▸ RECORDED DATA:
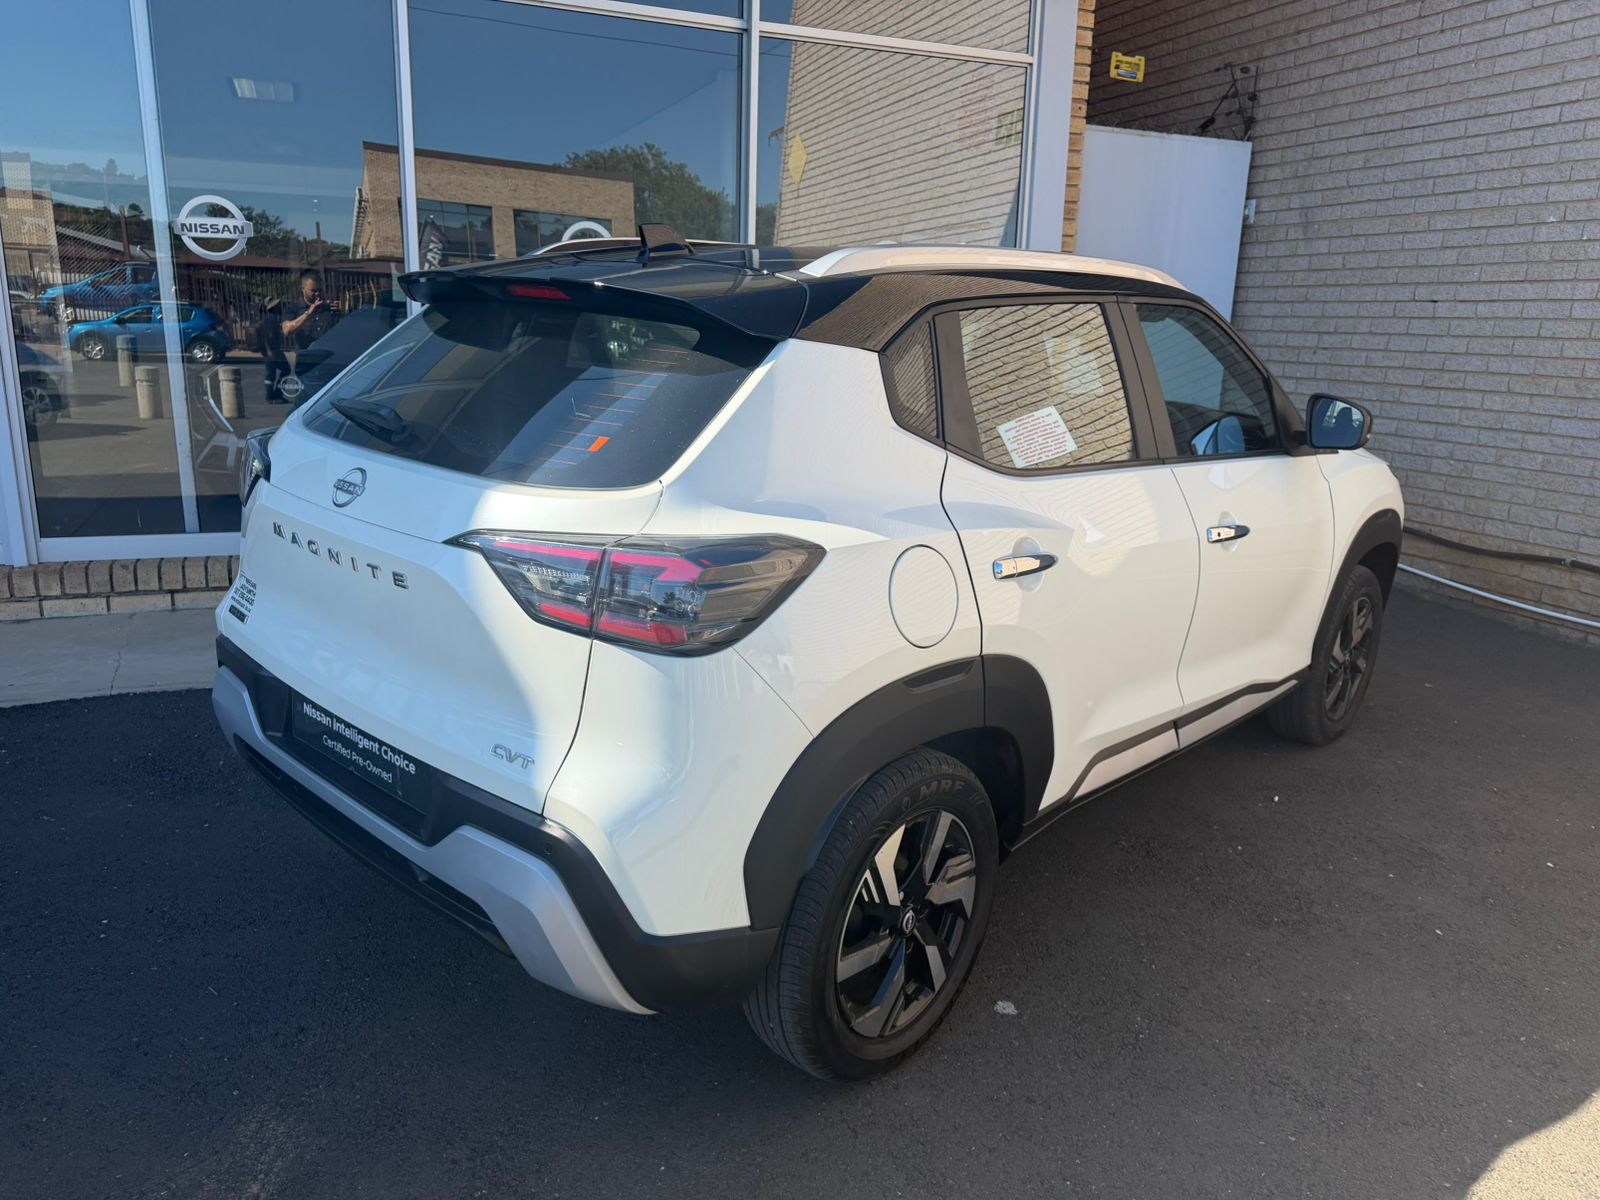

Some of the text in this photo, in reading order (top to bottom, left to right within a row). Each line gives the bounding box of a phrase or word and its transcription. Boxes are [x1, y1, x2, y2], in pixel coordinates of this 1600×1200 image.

[180, 222, 245, 235] NISSAN
[273, 521, 409, 590] MAGNITE
[303, 702, 416, 775] Nissan Intelligent Choice
[490, 743, 535, 770] CVT
[322, 735, 393, 783] Certified Pre-Owned
[920, 779, 965, 799] MRF
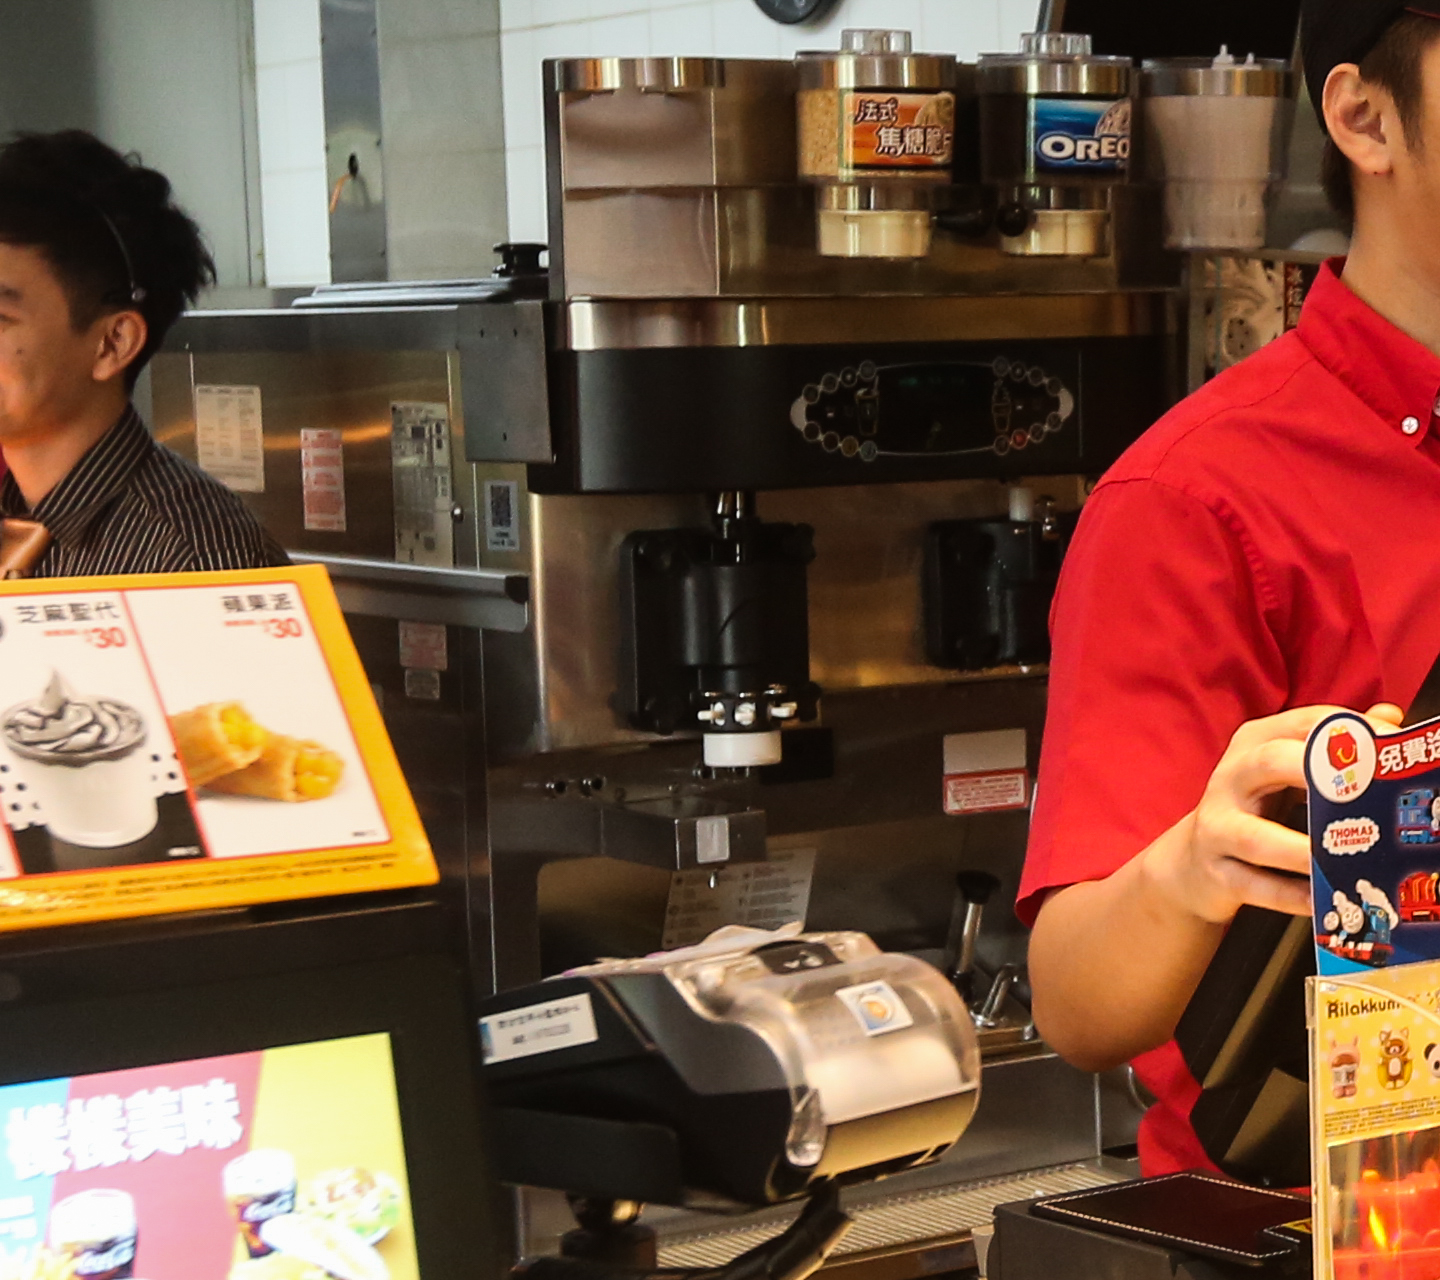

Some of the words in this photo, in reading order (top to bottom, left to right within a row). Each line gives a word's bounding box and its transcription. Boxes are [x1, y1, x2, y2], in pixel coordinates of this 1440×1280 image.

[854, 98, 897, 124] 法式
[1328, 824, 1375, 842] THOMAS
[1340, 836, 1371, 848] FRIENDS
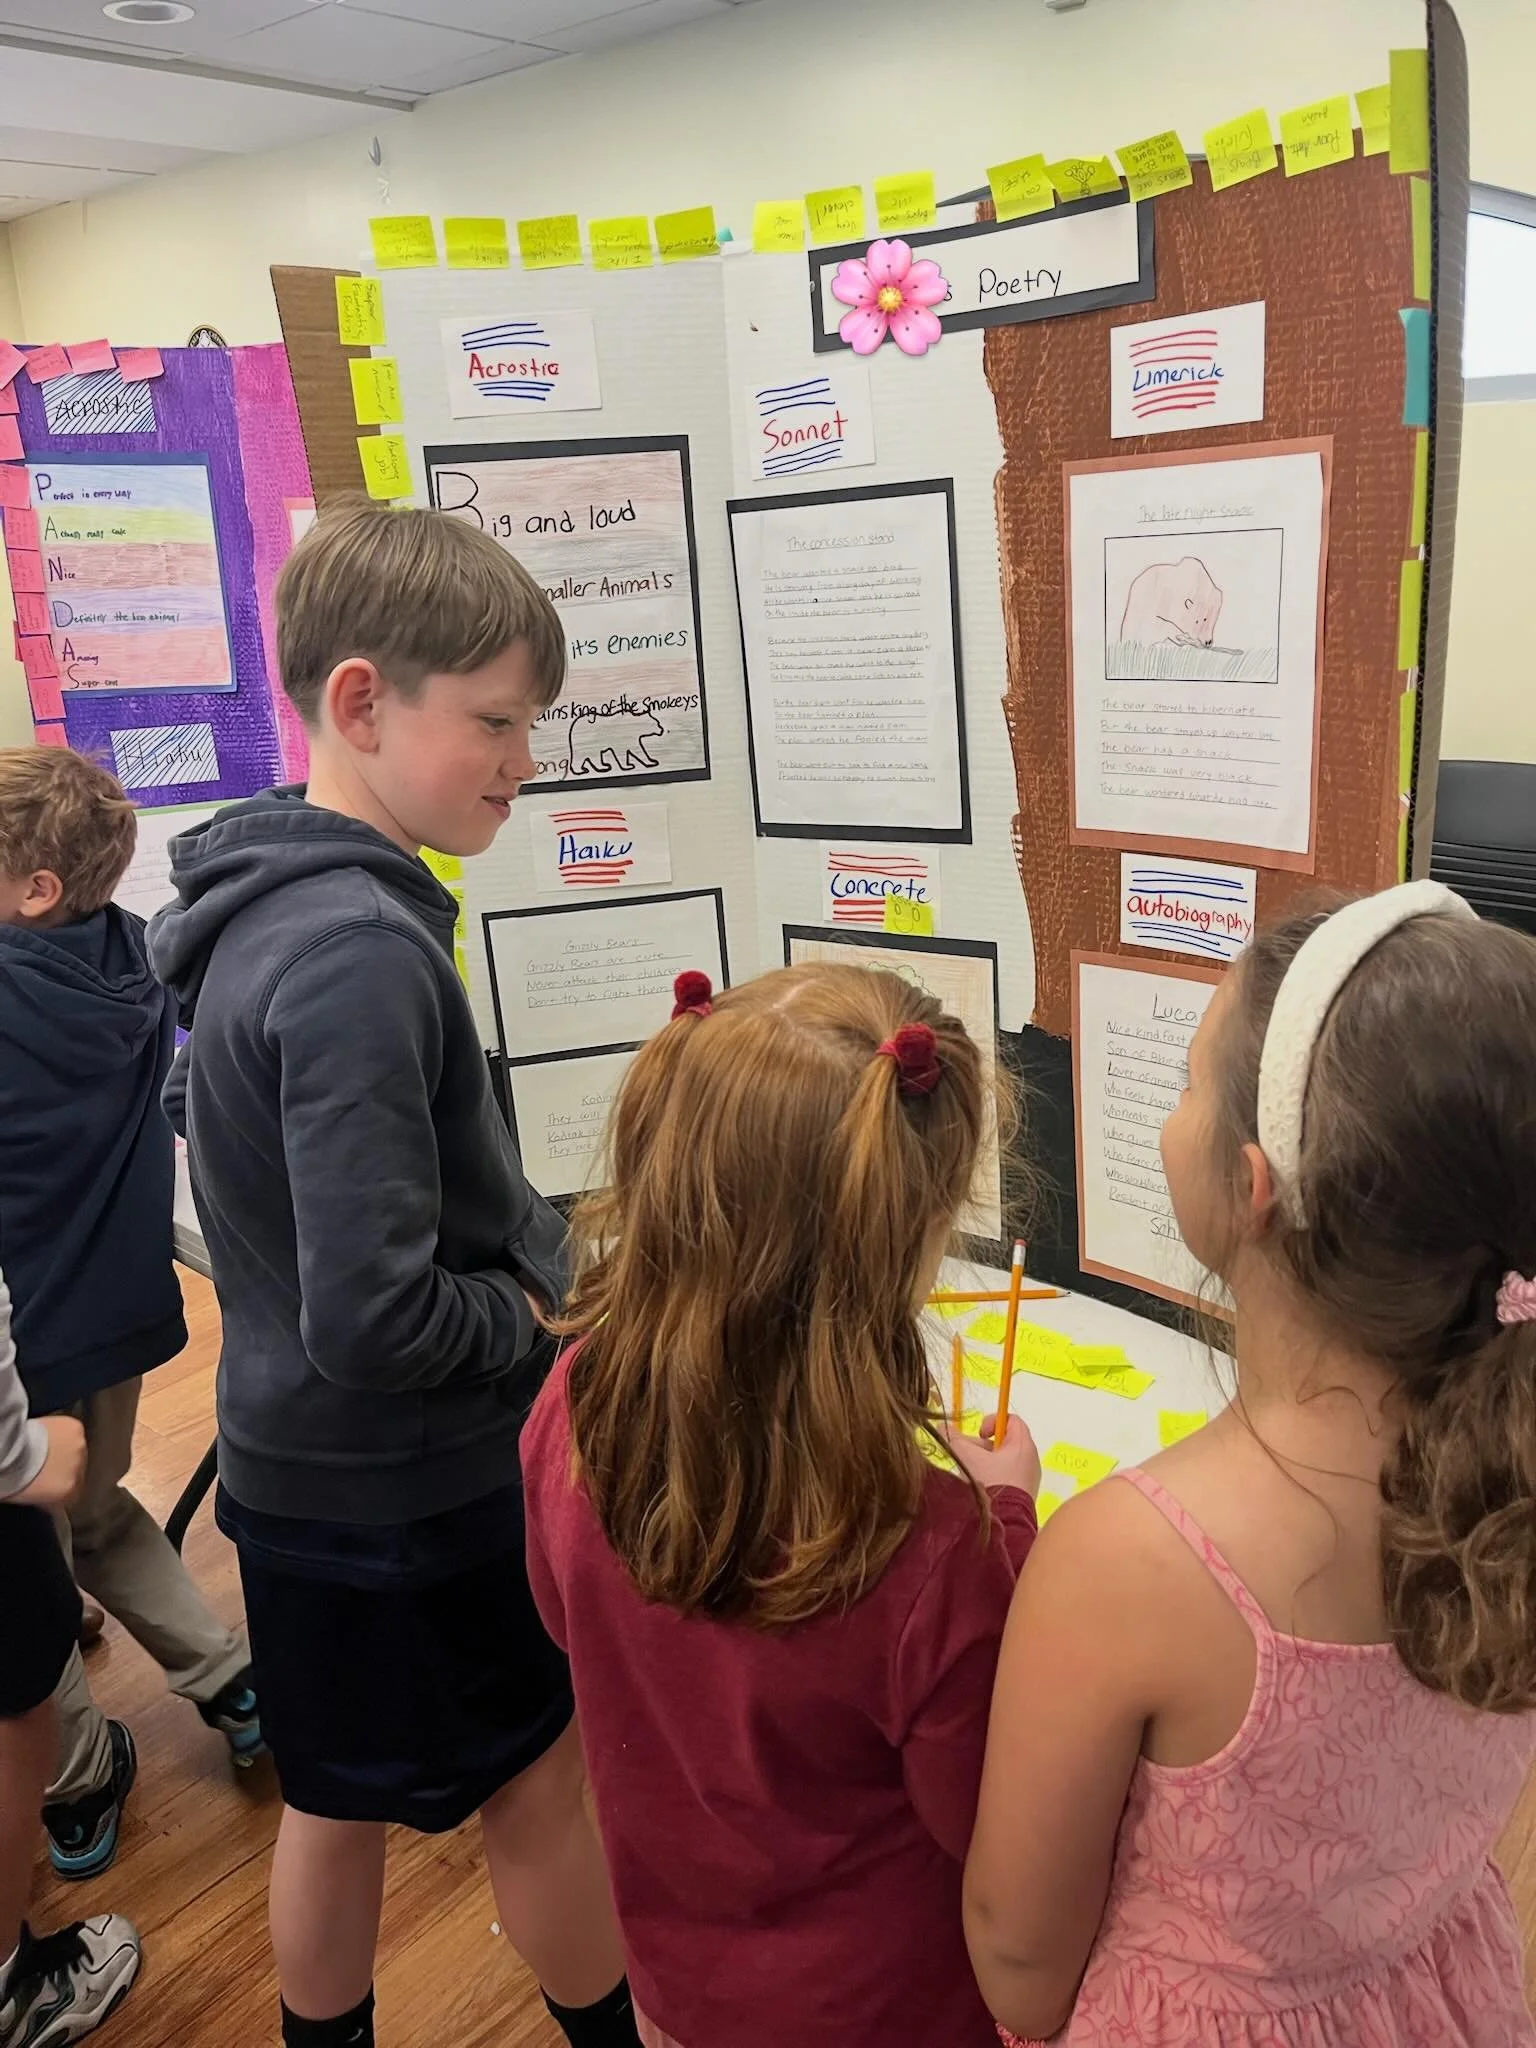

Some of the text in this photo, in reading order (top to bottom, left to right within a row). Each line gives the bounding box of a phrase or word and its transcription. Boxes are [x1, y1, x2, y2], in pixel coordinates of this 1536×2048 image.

▸ EXERCISE OBJECTIVE:
Transcribe the listing exactly. Its images are to be omitted.

▸ COMPLETED EXERCISE:
Some of the text in this photo, in reading order (top to bottom, left to right within a row). Each line gives the bounding box of a phrase or word and its transcription. Boxes are [x1, y1, x2, y2], in pixel coordinates of this 1600×1200 image.

[180, 222, 245, 235] NISSAN
[273, 521, 409, 590] MAGNITE
[303, 702, 416, 775] Nissan Intelligent Choice
[490, 743, 535, 770] CVT
[322, 735, 393, 783] Certified Pre-Owned
[920, 779, 965, 799] MRF

Some of the words in this photo, in reading order (top to bottom, left to right within a row). Each line gives a word's bounding box and its transcription. Boxes are [x1, y1, x2, y2], in pixel coordinates of this 1440×1280 image.

[854, 98, 897, 124] 法式
[1328, 824, 1375, 842] THOMAS
[1340, 836, 1371, 848] FRIENDS

Some of the text in this photo, in reading order (top to bottom, left to right within a row). Each line gives the bounding box of a phrase or word and its transcription. Boxes are [x1, y1, x2, y2], in pixel coordinates of this 1536×2048 image.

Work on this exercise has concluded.